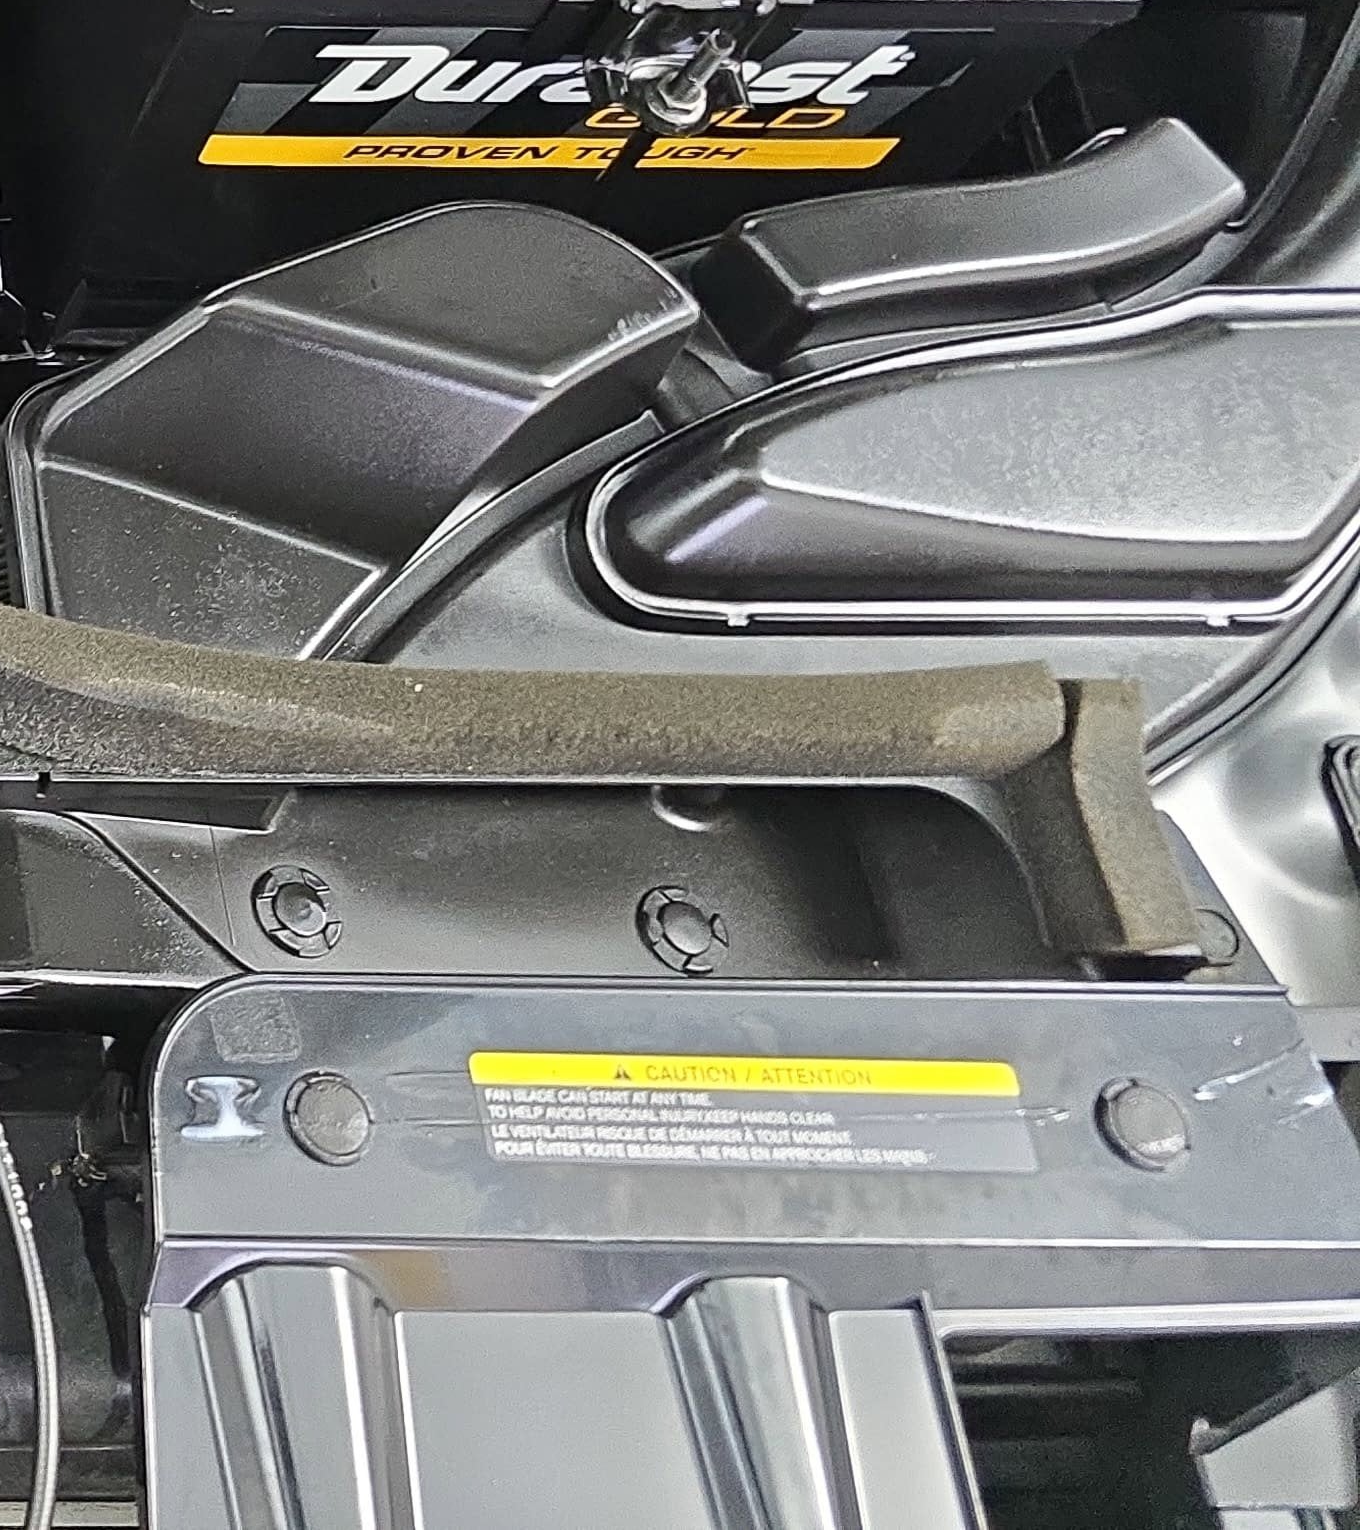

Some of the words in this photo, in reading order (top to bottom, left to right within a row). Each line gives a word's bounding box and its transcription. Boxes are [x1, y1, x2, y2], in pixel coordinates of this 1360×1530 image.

[308, 44, 914, 105] Durast
[585, 107, 846, 129] GLD
[344, 144, 553, 161] PROVEN
[644, 1064, 737, 1083] CAUTION
[761, 1067, 872, 1086] ATTENTION
[484, 1088, 511, 1102] FAN
[512, 1088, 557, 1103] BLADE
[558, 1089, 587, 1103] CAN
[588, 1089, 630, 1104] START
[631, 1090, 648, 1104] AT
[650, 1091, 676, 1105] ANY
[487, 1105, 507, 1119] TO
[509, 1105, 544, 1120] HELP
[545, 1106, 586, 1120] AVOID
[586, 1107, 658, 1122] PERSONAL
[491, 1124, 509, 1138] LE
[509, 1125, 596, 1140] VENTILATEUR
[648, 1127, 668, 1141] DE
[756, 1130, 791, 1144] TOUT
[495, 1141, 534, 1156] POUR
[582, 1142, 626, 1158] TOUTE
[701, 1145, 721, 1159] NE
[721, 1145, 750, 1160] PAS
[751, 1146, 770, 1160] EN

Task directions:
Please print all the entries exactly as written, but drop the pictures.

Answer area:
Some of the words in this photo, in reading order (top to bottom, left to right within a row). Each line gives a word's bounding box and its transcription. Boxes are [x1, y1, x2, y2], in pixel coordinates of this 1360×1530 image.

[308, 44, 914, 105] Durast
[585, 107, 846, 129] GLD
[344, 144, 553, 161] PROVEN
[644, 1064, 737, 1083] CAUTION
[761, 1067, 872, 1086] ATTENTION
[484, 1088, 511, 1102] FAN
[512, 1088, 557, 1103] BLADE
[558, 1089, 587, 1103] CAN
[588, 1089, 630, 1104] START
[631, 1090, 648, 1104] AT
[650, 1091, 676, 1105] ANY
[487, 1105, 507, 1119] TO
[509, 1105, 544, 1120] HELP
[545, 1106, 586, 1120] AVOID
[586, 1107, 658, 1122] PERSONAL
[491, 1124, 509, 1138] LE
[509, 1125, 596, 1140] VENTILATEUR
[648, 1127, 668, 1141] DE
[756, 1130, 791, 1144] TOUT
[495, 1141, 534, 1156] POUR
[582, 1142, 626, 1158] TOUTE
[701, 1145, 721, 1159] NE
[721, 1145, 750, 1160] PAS
[751, 1146, 770, 1160] EN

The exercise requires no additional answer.